News Release

Pre-verbal number sense common to monkeys, babies, college kids

Elizabeth Brannon to speak at AAAS

Peer-Reviewed Publication

Duke University

CHICAGO -- Basic arithmetic and "number sense" appear to be part of the shared evolutionary past of many primates; it's the use of language to explain abstractions that apparently takes human math to a higher level.

Elizabeth Brannon, an assistant professor of psychology and neuroscience at Duke University, studies how human adults and infants, lemurs, and monkeys think about numbers without using language. She's looking for the brain systems that support number sense and trying to figure out how this cognitive skill develops.

"Number is one of the more abstract domains of cognition: three coins and three loaves of bread are very different concepts," says Brannon, who appears on a Friday afternoon panel at the AAAS annual meeting called "Comparative Cognition: The Science of Mental Evolution. "Yet, many studies show that babies, even in the first year of life, can tell the difference between quantities."

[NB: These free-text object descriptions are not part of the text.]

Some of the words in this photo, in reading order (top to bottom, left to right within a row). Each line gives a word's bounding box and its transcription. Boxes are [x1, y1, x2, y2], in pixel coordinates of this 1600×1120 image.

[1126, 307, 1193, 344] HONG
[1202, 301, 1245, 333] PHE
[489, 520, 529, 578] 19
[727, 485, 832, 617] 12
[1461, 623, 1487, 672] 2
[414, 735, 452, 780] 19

She runs about 500 babies per year through her testing lab at Duke, as well as macaques, lemurs and the odd undergraduate. Most of the experiments involve computer touch-screens and sets of brightly colored dots.

After seeing the same number of objects repeated in different-looking sets, infants recognize the novelty of a new number of objects. So do macaques. And both college kids and macaques can do a rough sort of math by summing sets of objects without actually counting them. Their speed and accuracy are about the same, in fact.

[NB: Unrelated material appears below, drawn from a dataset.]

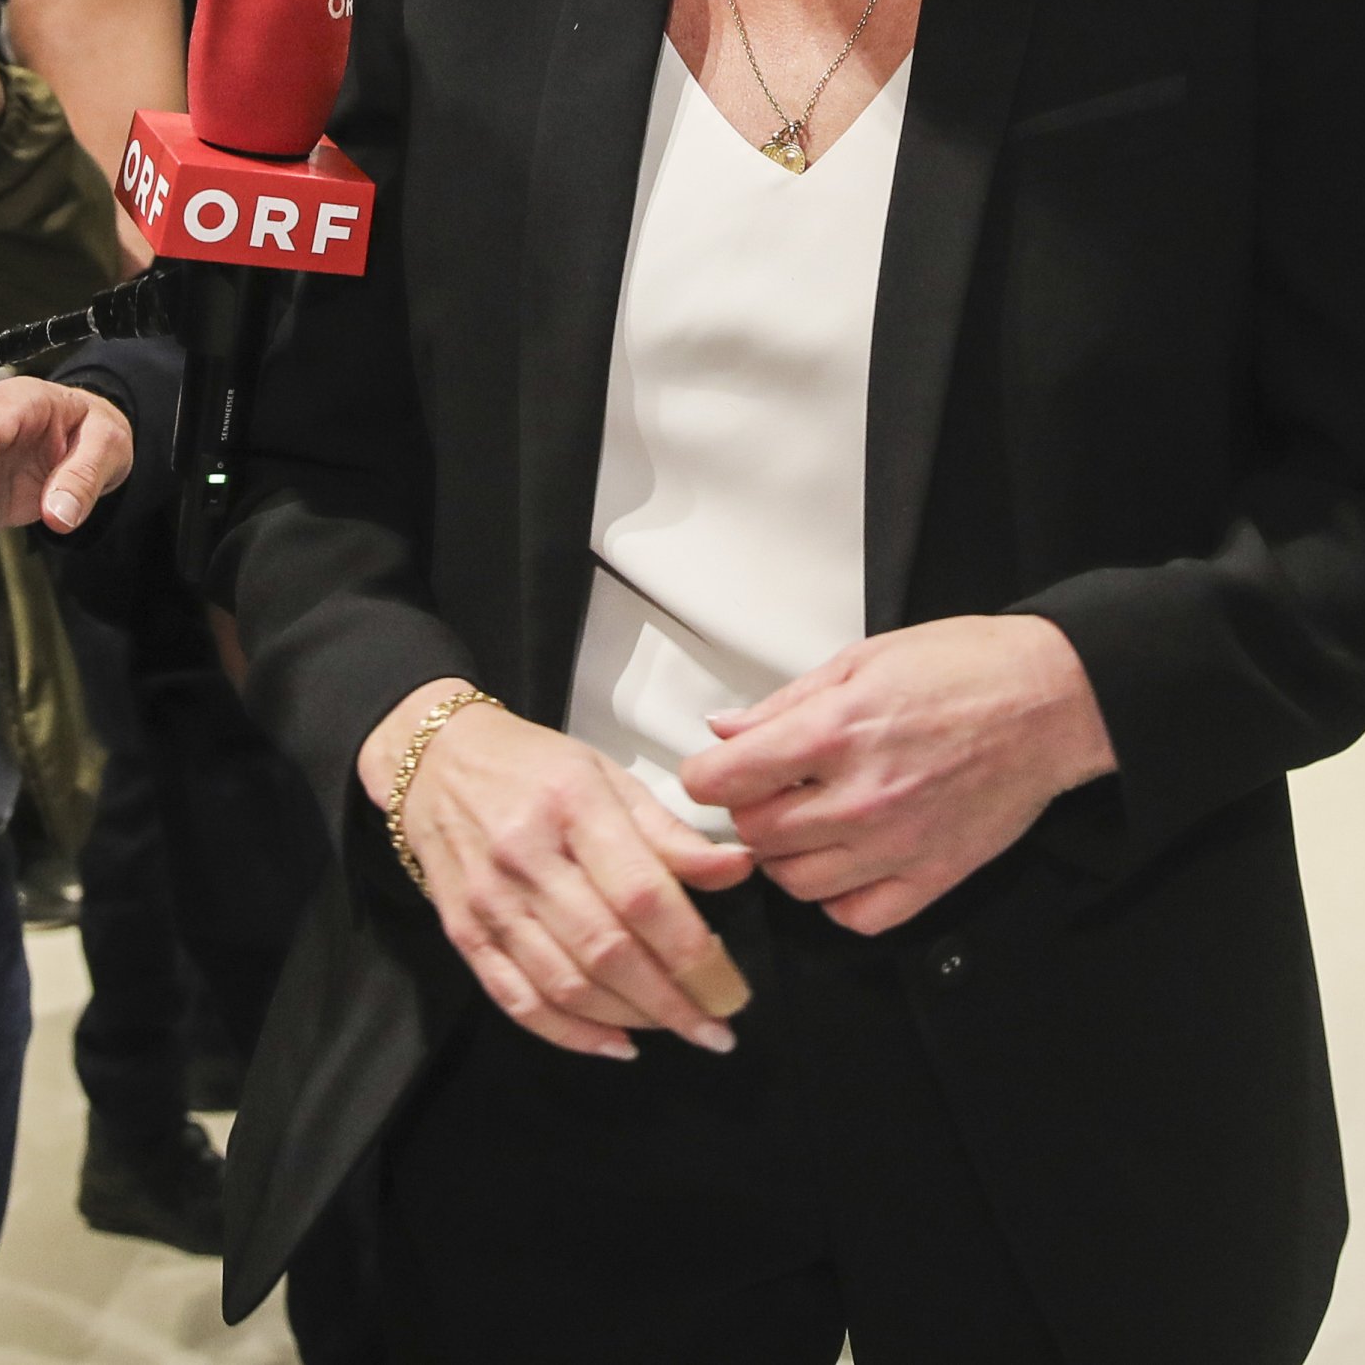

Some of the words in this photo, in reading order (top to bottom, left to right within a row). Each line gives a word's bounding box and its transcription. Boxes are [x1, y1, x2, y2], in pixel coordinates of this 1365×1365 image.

[123, 139, 170, 227] ORF
[183, 188, 360, 255] ORF
[221, 388, 235, 442] SENNHEISER

That the evolved brain has some fundamental sense of number without language should come as little surprise, Brannon says.

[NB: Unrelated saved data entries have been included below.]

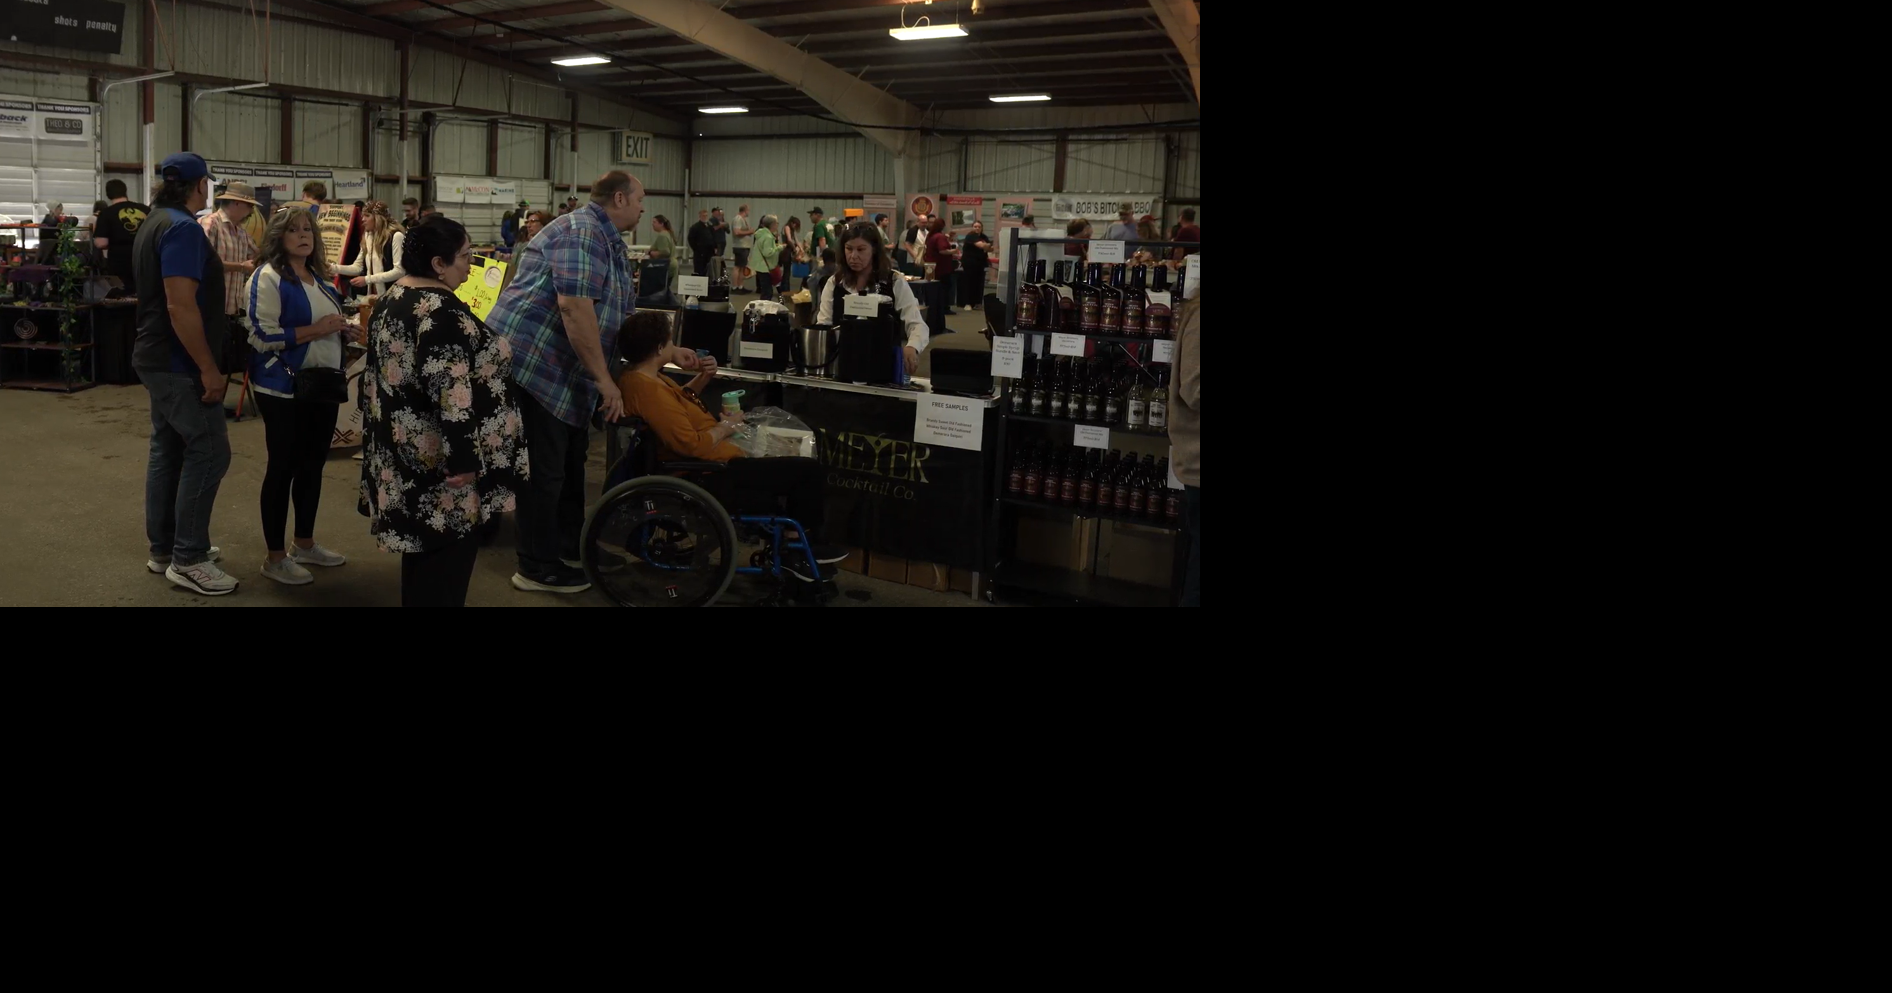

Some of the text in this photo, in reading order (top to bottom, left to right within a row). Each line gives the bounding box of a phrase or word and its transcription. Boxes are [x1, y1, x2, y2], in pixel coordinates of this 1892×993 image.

[54, 15, 117, 33] shots penalty
[46, 120, 62, 128] THEO
[626, 136, 650, 158] EXIT
[261, 183, 287, 191] Fdorff
[1076, 202, 1099, 214] BOB'S
[819, 428, 931, 484] MEYER
[826, 472, 916, 500] Cocktail Co.

"There are all sorts of reasons why number would be useful for nonhuman animals in the wild. In foraging situations animals need to make decisions about how long to stay in a given patch of food and when to move on," Brannon says. "Territorial animals may need to assess the number of individuals in their own group relative to competing groups to decide whether to stand their ground or retreat."

Understanding the biological basis of our number sense might also help early childhood educators.

Brannon's latest work is aimed at understanding how the human brain changes to accommodate symbolism as a child learns the names of numbers and begins to grasp more abstract manipulations. "If the nonverbal number sense is really providing a critical foundation for math achievement, then this will suggest teaching methods that provide more grounding in the nonverbal quantity system."

Brannon is also exploring the macaque's sense of an empty set, what we'd call zero with our linguistically intensive sense of number. The monkeys are more likely to confuse an empty set with a 1 or a 2 than they are to confuse it with an 8 or a 9, she says, which shows they're putting zero in the proper place on the number line.

"We're trying to understand how the animal mind works. How much of human thought is dependent on language?"